MTHFR is an enzyme needed for the body to break down vitamin B9, also known as folate or folic acid. It also helps convert the toxic amino acid homocysteine into the antidepressant amino acid s-adenysl-methionine. However, a significant segment of the population (some estimate 40%) have a genetic mutation in the MTHFR gene that interferes with the body’s ability to break down B vitamins and is linked to higher levels of homocysteine. MTHFR mutations are also linked to depression.
A 2016 study by Arnold W. Mech and Andrew Farah in the Journal of Clinical Psychiatry found that treating people with major depression and a MTHFR deficiency using a combination of micronutrients and already-broken-down B vitamins improved their depression and reduced their homocysteine levels compared to placebo.

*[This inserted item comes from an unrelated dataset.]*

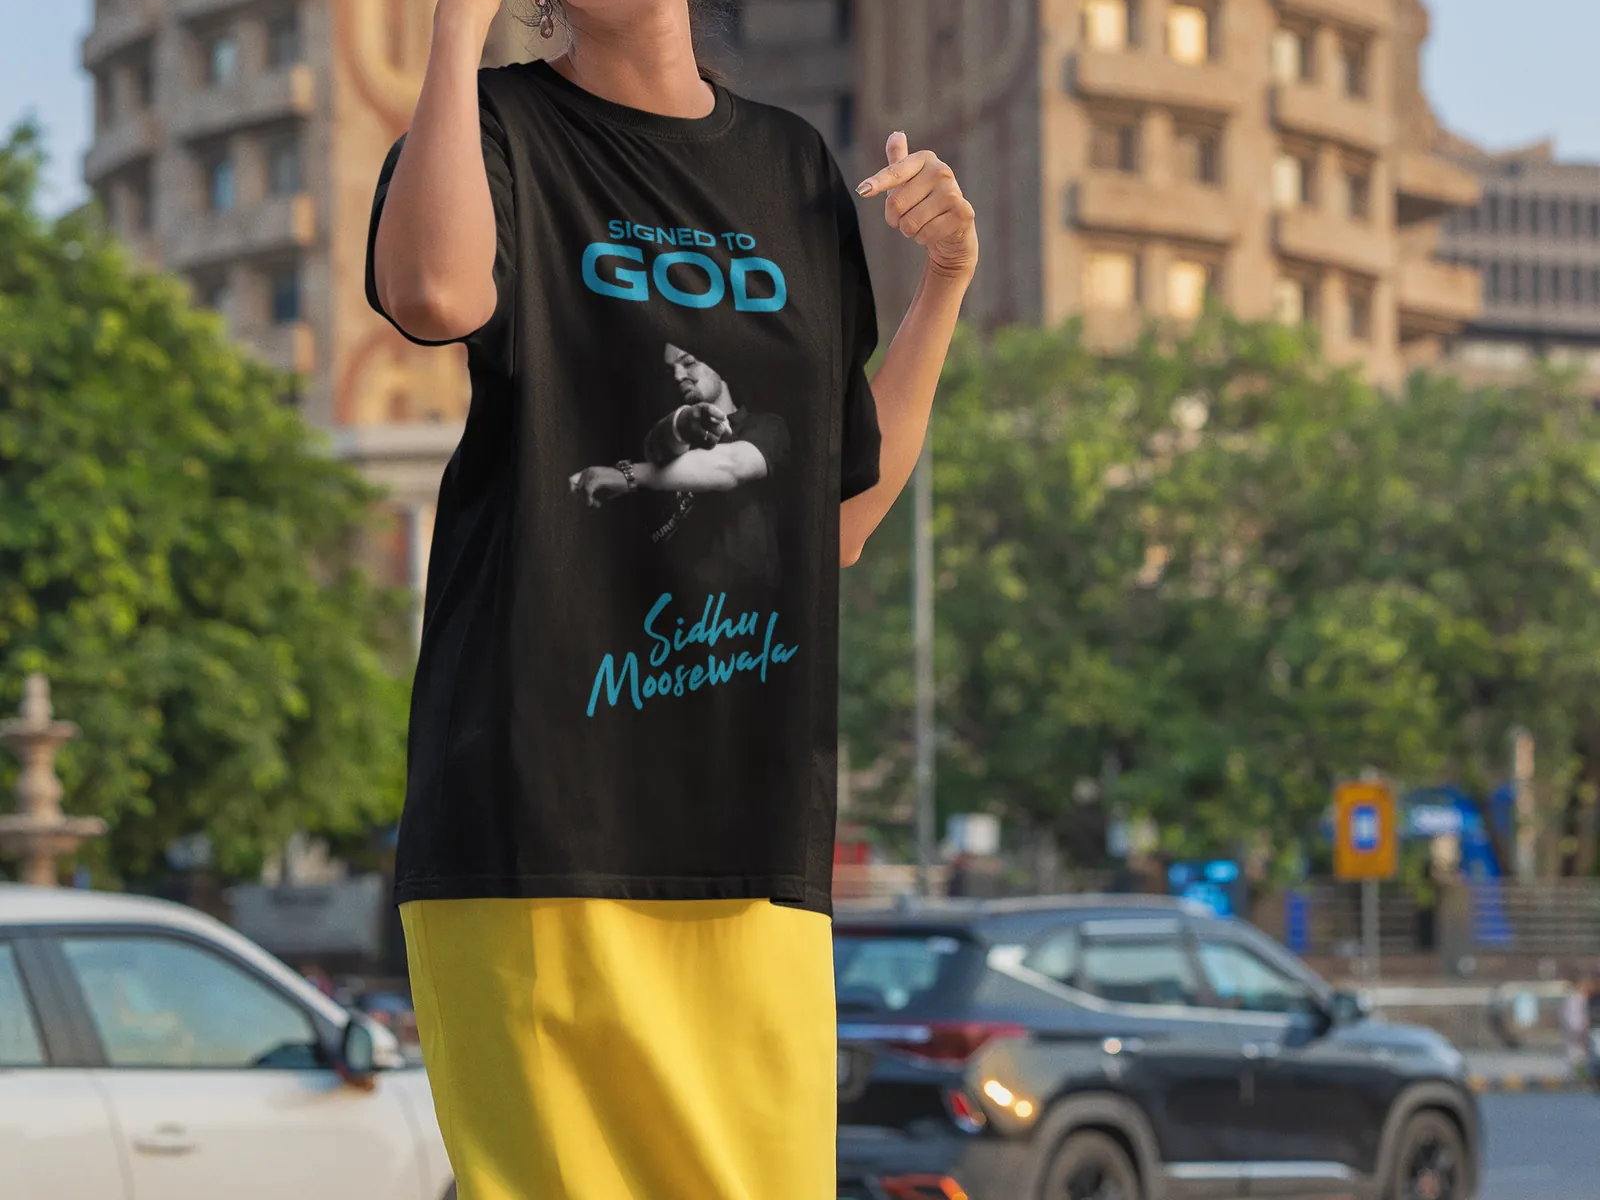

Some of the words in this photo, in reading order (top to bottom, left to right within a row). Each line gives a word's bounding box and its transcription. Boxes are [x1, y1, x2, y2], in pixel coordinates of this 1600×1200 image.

The study included 330 adult patients with major depression and one of two genetic variants in the MTHFR gene—C677T or A1298C. Of those who received the metabolized vitamins, 82.4% showed reduced homocysteine levels. Those who received placebo showed a small average increase in homocysteine. The vitamin group also saw a large drop in depression symptoms on average after 8 weeks, with 42% achieving full remission. There were no side effects.
These findings suggest that homocysteine levels play a role in depression and that metabolized B vitamins can be an effective treatment for depression, particularly in those with a MTHFR deficiency. A metabolized form of folate that is commercially available is called L-methylfolate.